::: RECORDS PROVIDED :::

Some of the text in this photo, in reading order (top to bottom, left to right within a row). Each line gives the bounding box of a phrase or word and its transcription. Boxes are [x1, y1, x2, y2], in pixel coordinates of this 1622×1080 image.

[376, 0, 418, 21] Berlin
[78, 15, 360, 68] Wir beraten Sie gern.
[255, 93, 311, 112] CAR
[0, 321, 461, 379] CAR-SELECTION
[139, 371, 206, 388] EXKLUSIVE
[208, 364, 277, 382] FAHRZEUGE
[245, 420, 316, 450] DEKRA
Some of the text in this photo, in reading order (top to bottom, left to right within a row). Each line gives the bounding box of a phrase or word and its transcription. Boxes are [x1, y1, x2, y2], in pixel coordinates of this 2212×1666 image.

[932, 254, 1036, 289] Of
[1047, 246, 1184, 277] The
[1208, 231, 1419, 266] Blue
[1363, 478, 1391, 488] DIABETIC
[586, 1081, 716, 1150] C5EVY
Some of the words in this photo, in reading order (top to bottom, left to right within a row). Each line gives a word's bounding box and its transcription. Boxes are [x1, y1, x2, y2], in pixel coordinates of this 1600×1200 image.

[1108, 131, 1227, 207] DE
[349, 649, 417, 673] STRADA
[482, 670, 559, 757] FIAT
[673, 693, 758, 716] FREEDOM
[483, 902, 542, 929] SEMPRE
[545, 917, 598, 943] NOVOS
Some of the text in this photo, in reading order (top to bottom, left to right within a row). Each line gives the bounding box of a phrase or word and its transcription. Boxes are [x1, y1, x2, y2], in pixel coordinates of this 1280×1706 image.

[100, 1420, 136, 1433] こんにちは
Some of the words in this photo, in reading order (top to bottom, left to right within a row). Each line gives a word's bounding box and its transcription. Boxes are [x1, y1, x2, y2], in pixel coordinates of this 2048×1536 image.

:::

PROBLEM TO WORK ON: What is wanted is the complete set of entries, returned verbatim.

WRITTEN SOLUTION:
Some of the text in this photo, in reading order (top to bottom, left to right within a row). Each line gives the bounding box of a phrase or word and its transcription. Boxes are [x1, y1, x2, y2], in pixel coordinates of this 1622×1080 image.

[376, 0, 418, 21] Berlin
[78, 15, 360, 68] Wir beraten Sie gern.
[255, 93, 311, 112] CAR
[0, 321, 461, 379] CAR-SELECTION
[139, 371, 206, 388] EXKLUSIVE
[208, 364, 277, 382] FAHRZEUGE
[245, 420, 316, 450] DEKRA
Some of the text in this photo, in reading order (top to bottom, left to right within a row). Each line gives the bounding box of a phrase or word and its transcription. Boxes are [x1, y1, x2, y2], in pixel coordinates of this 2212×1666 image.

[932, 254, 1036, 289] Of
[1047, 246, 1184, 277] The
[1208, 231, 1419, 266] Blue
[1363, 478, 1391, 488] DIABETIC
[586, 1081, 716, 1150] C5EVY
Some of the words in this photo, in reading order (top to bottom, left to right within a row). Each line gives a word's bounding box and its transcription. Boxes are [x1, y1, x2, y2], in pixel coordinates of this 1600×1200 image.

[1108, 131, 1227, 207] DE
[349, 649, 417, 673] STRADA
[482, 670, 559, 757] FIAT
[673, 693, 758, 716] FREEDOM
[483, 902, 542, 929] SEMPRE
[545, 917, 598, 943] NOVOS
Some of the text in this photo, in reading order (top to bottom, left to right within a row). Each line gives the bounding box of a phrase or word and its transcription. Boxes are [x1, y1, x2, y2], in pixel coordinates of this 1280×1706 image.

[100, 1420, 136, 1433] こんにちは
Some of the words in this photo, in reading order (top to bottom, left to right within a row). Each line gives a word's bounding box and its transcription. Boxes are [x1, y1, x2, y2], in pixel coordinates of this 2048×1536 image.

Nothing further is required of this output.